All I want is a Sprite on ice - without having to get out of the car. It should be easy, but I live on Chicago’s North Shore. Eleanor is home sick with a stomach virus today. I want to drive my pajama clad Kindergartner to get a Sprite without removing her new doggie slippers or leaving a pile of puke on the floor of an unsuspecting Walgreens.
But I’ve never actually seen a McDonald’s around here! Our strict zoning laws carefully guard our pristine, boutique, ‘all-American’ and yet not too common way of life. We who live in the North Shore have zoned ourselves right out of the all-American convenience of fast food.
Since I’m still new here, I do what I always do, I check Google Maps for “McDonalds.” Surprisingly, I find there is indeed a McDonald’s only two miles North in the village of Winnetka. “How’d they get that one through the city council?,” I wonder to myself as Eleanor and I drive by Lake Michigan sparkling with an autumn blue.
Thirty minutes and multiple u-turns later, I understand. Hidden behind a quiet tudor facade with tidy white trim and gables is a petite yellow arrow pointing into the parking lot. No big arches. No neon signs blaring -
“McDonalds has landed.” I circle the parking lot looking for the drive thru window. It does not exist. I spot the small door with only a miniature yellow M painted on the glass. I haven’t come this far to not get Eleanor’s Sprite.
I park precariously close to a shiny black Mercedes and gather Eleanor into my arms. People are spilling out of the door, crammed in multiple lines. Junior High girls in UGG boots flip their hair and wait next to Latino workers in worn T-shirts that say things like “North Shore Lawn & Garden.” A new truckload of landscape workers, fresh from blowing piles of oak leaves onto the curbs of multimillion dollar mansions, file into the small door. The line is now too long for the door to close, and the crisp November air makes me shiver. Waiting in line, I catch the eyes of a familiar looking mom with Prada sunglasses on her head. She looks away and back to her children. Making eye contact with me means confession that she, too, is in McDonalds eating french fries. Or maybe, she just didn’t remember my name.
I find it strange, in a culture so divided between those who have and those who work for those who have, that the McDonald’s line has created common ground. Maybe there is something equalizing in those hot steamy fries that celebrates our common humanity more powerfully than our well guarded differences.

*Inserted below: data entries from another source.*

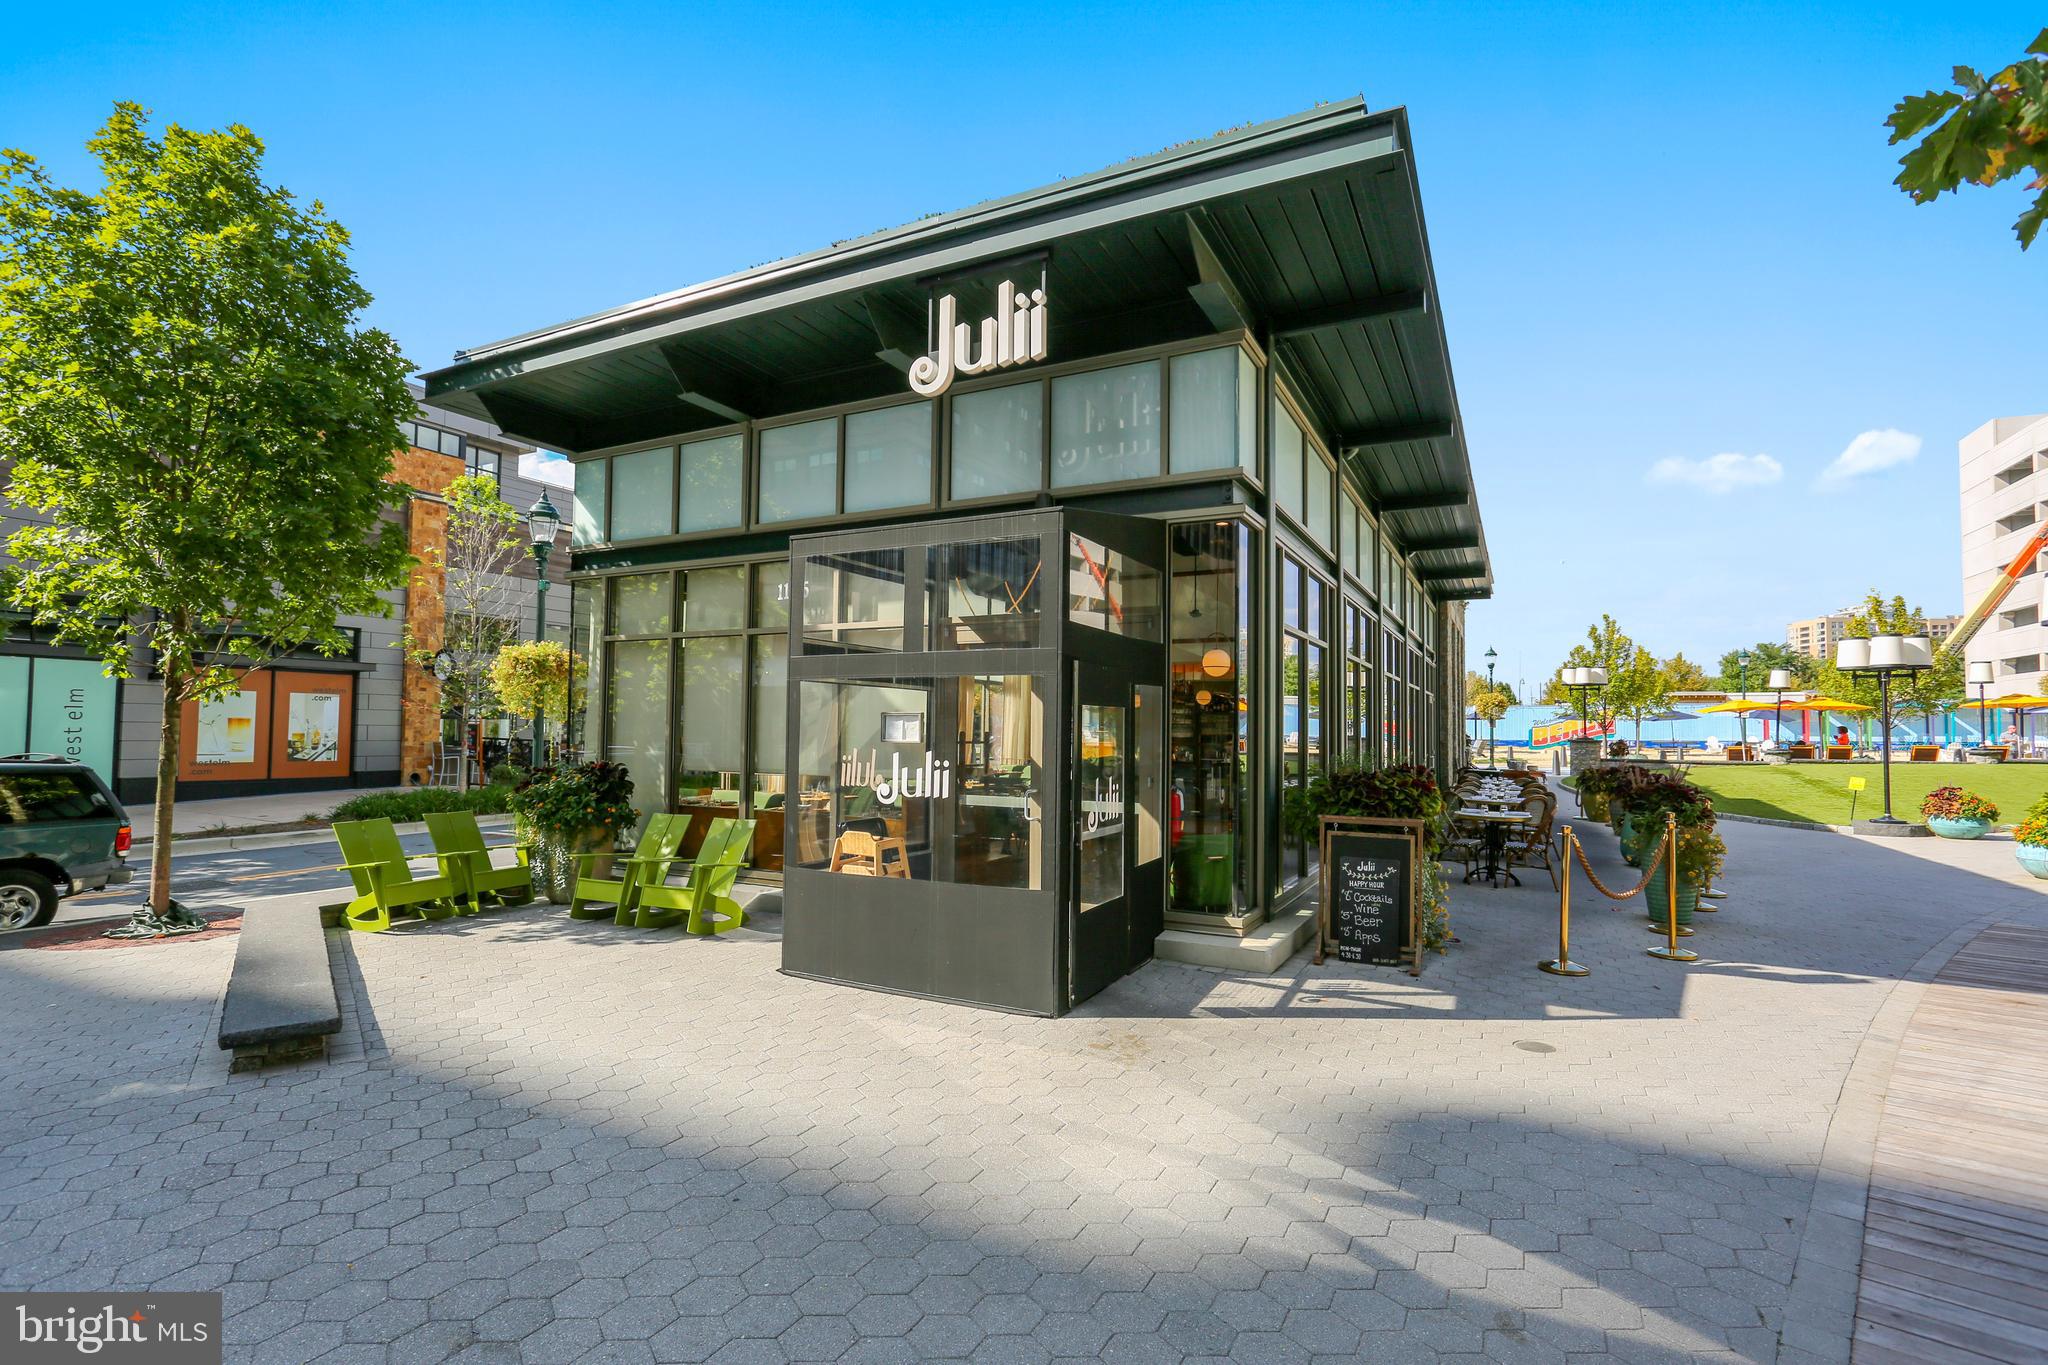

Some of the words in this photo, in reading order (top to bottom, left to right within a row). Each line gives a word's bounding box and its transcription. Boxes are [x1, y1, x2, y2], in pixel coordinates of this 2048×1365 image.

[909, 279, 1047, 397] Julii
[64, 688, 84, 720] elm
[876, 750, 950, 804] Julii
[1087, 776, 1119, 832] Julii
[1357, 861, 1376, 871] Julii
[1349, 880, 1368, 888] HAPPY
[1369, 881, 1385, 889] HOUR
[1353, 892, 1393, 904] Cocktails
[1354, 903, 1380, 914] Wine
[1354, 914, 1383, 927] Beer
[1354, 929, 1381, 945] Apps
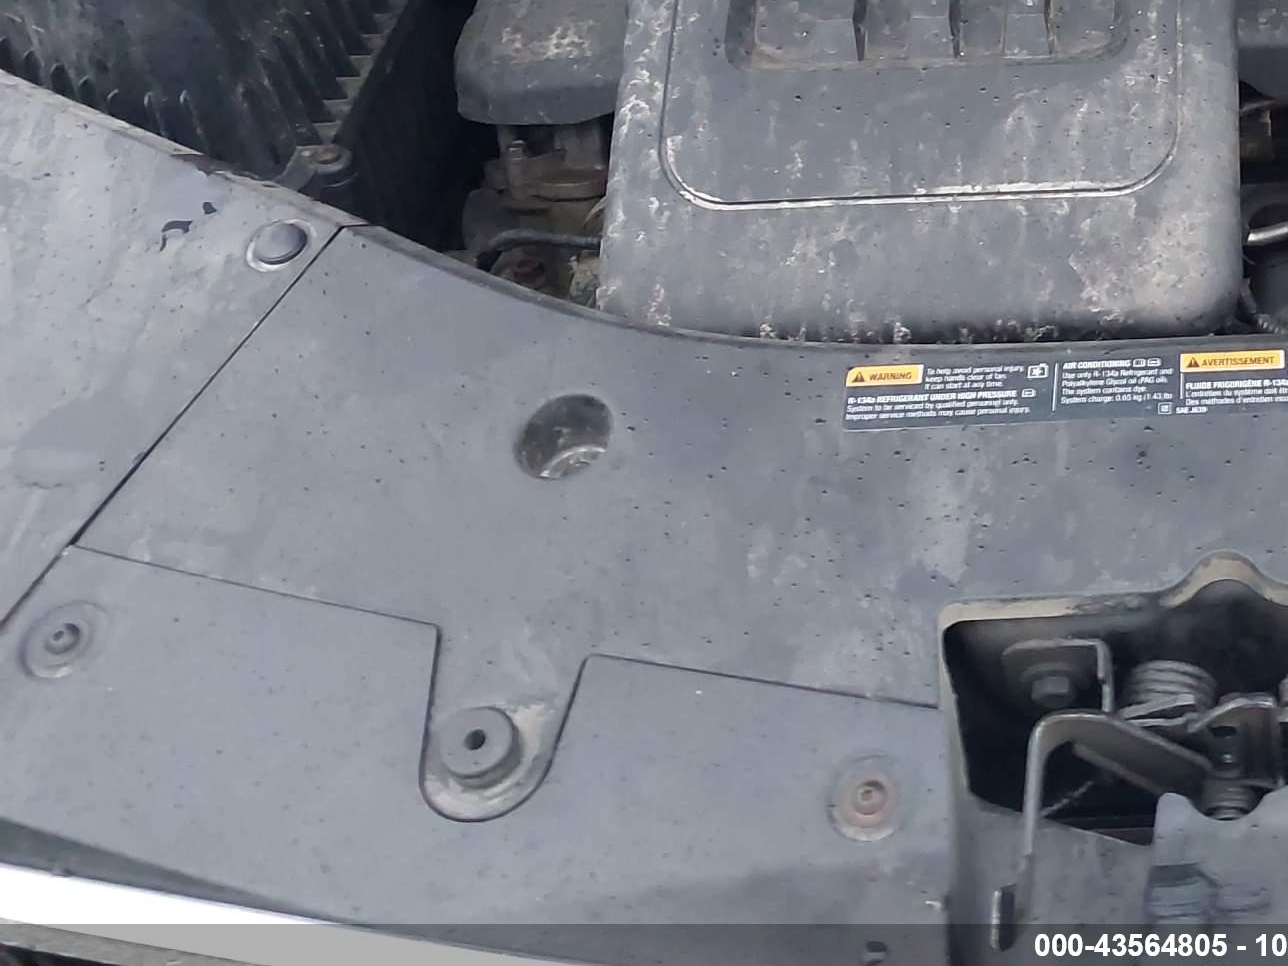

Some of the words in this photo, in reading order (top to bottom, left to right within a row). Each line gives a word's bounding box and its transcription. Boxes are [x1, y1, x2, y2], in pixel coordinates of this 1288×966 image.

[1062, 361, 1077, 370] AIR
[1078, 359, 1132, 369] CONDITIONING
[1202, 356, 1275, 367] AVERTISSEMENT
[973, 366, 1002, 374] personal
[868, 372, 913, 380] WARNING
[1186, 381, 1212, 390] FLUIDE
[876, 394, 930, 403] REFRIGERANT
[978, 390, 1018, 398] PRESSURE
[847, 405, 873, 413] System

Like this fast-food restaurant hidden in sophisticated architecture, we too disguise our common indulgences that are not as refined as we would like to be. We carefully craft an image- through Facebook updates, clothes, music, and books- to tell the world who we are. But are we really that person? Will we have the honesty to admit we are willing to stand in line for fries as long as the golden arches are not standing on Sheridan road?
Who can resist a salty bag of french fries every now and then? We better keep an eye on our government before they outlaw all fast foods! Afterall, we, the general public, are too ingnorant to be able to make our own decisions about what we eat.